To access the DeeperForensics-1.0 dataset and the useful perturbation code, please visit its GitHub repository. You can also find the detailed data description and usage in the dataset download and document page. Before using the DeeperForensics-1.0 dataset for face forgery detection model training, please read these important tips first.
Please register first for submission. The submission platform and guideline for DeeperForensics Challenge 2020 have been released. Please carefully read the important hints and request for resource first. We will check your request and allocate the resource to you.

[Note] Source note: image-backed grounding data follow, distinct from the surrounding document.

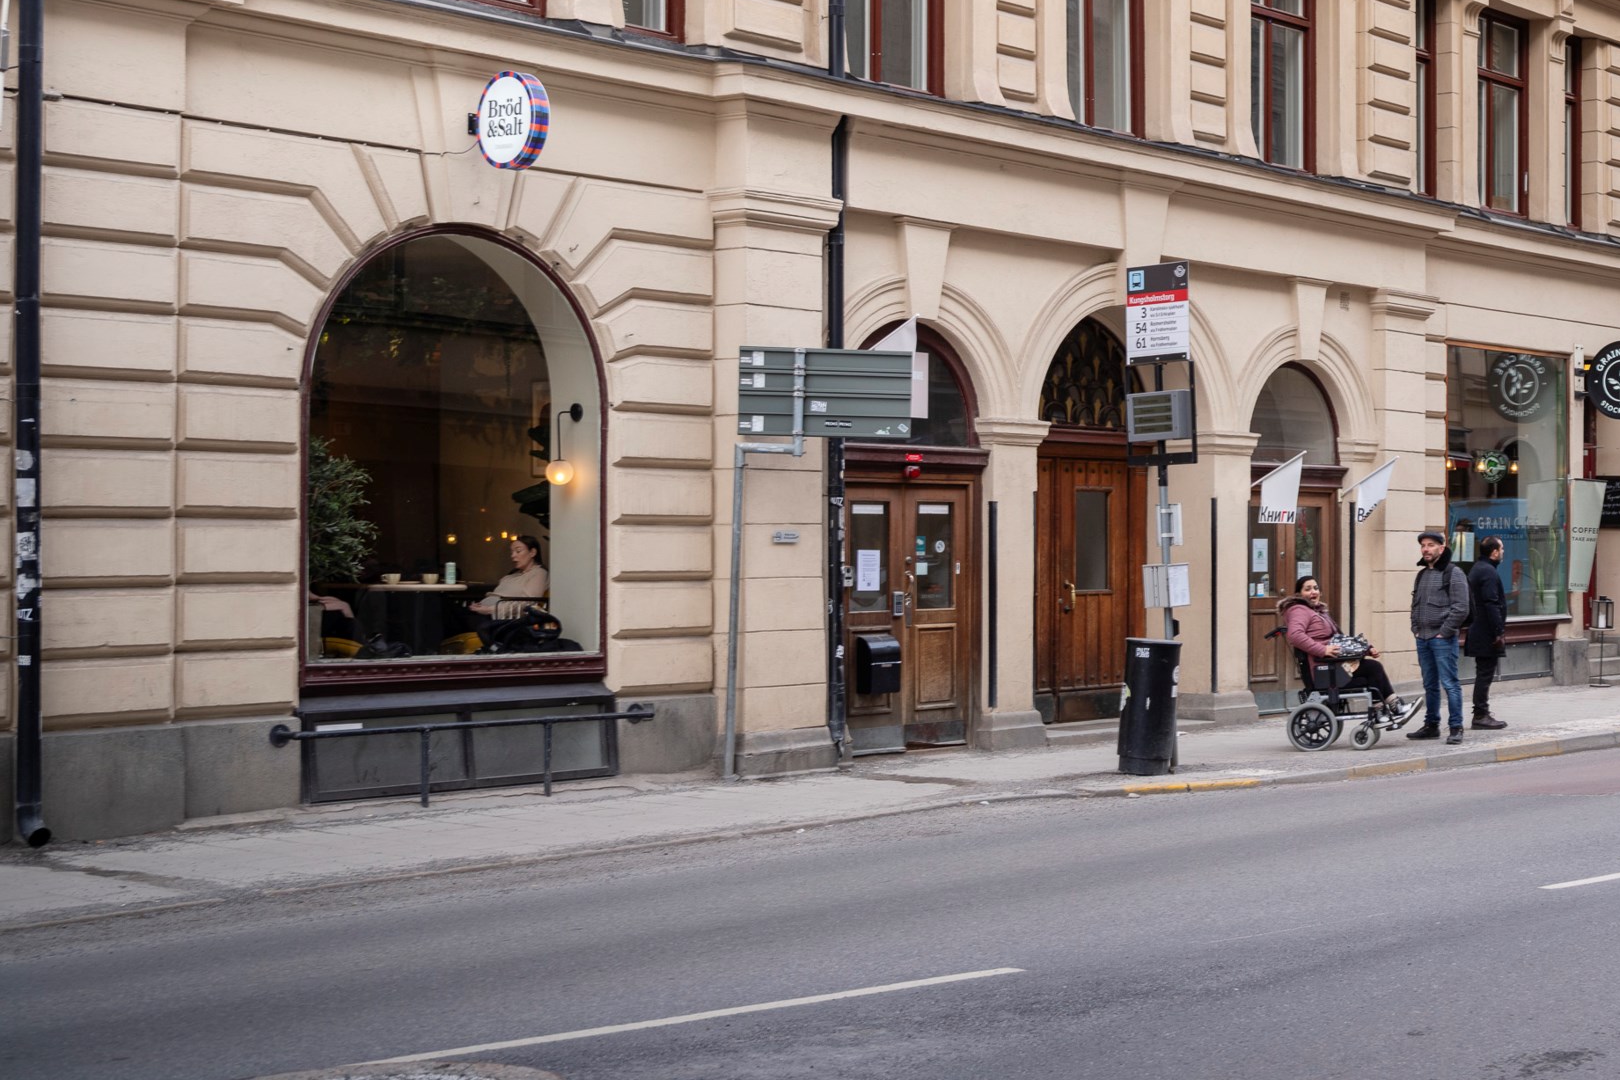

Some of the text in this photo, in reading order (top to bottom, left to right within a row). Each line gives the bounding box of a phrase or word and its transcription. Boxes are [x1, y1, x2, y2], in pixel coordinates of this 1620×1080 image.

[488, 97, 522, 118] Bröd
[487, 117, 523, 138] &Salt
[1141, 307, 1147, 318] 3
[1136, 322, 1147, 334] 54
[1136, 337, 1147, 349] 61
[1260, 506, 1295, 523] Книги
[1477, 517, 1511, 530] GRAIN
[1572, 527, 1599, 535] COFFEE

To be qualified to compete for awards, please submit a fact sheet to introduce your team information, method and the used data after the final test phase. For each participating team, please use this fact sheet template. The deadline is Nov. 14, 2020, 11:59 p.m. UTC+0. After the final results are decided, the main winners will be invited to submit a detailed technical report (deadline to be determined).
Please send the compiled pdf file to deeperforensics@gmail.com for the fact sheet submission. Please name your pdf file as "{Your CodaLab User Name}_FactSheet.pdf". Make sure that {Your CodaLab User Name} is the one shown in the "User" column of the leaderboard. If you want to update your submission, please send it through the same thread (email). We will use the newest one as the final submission after the deadline.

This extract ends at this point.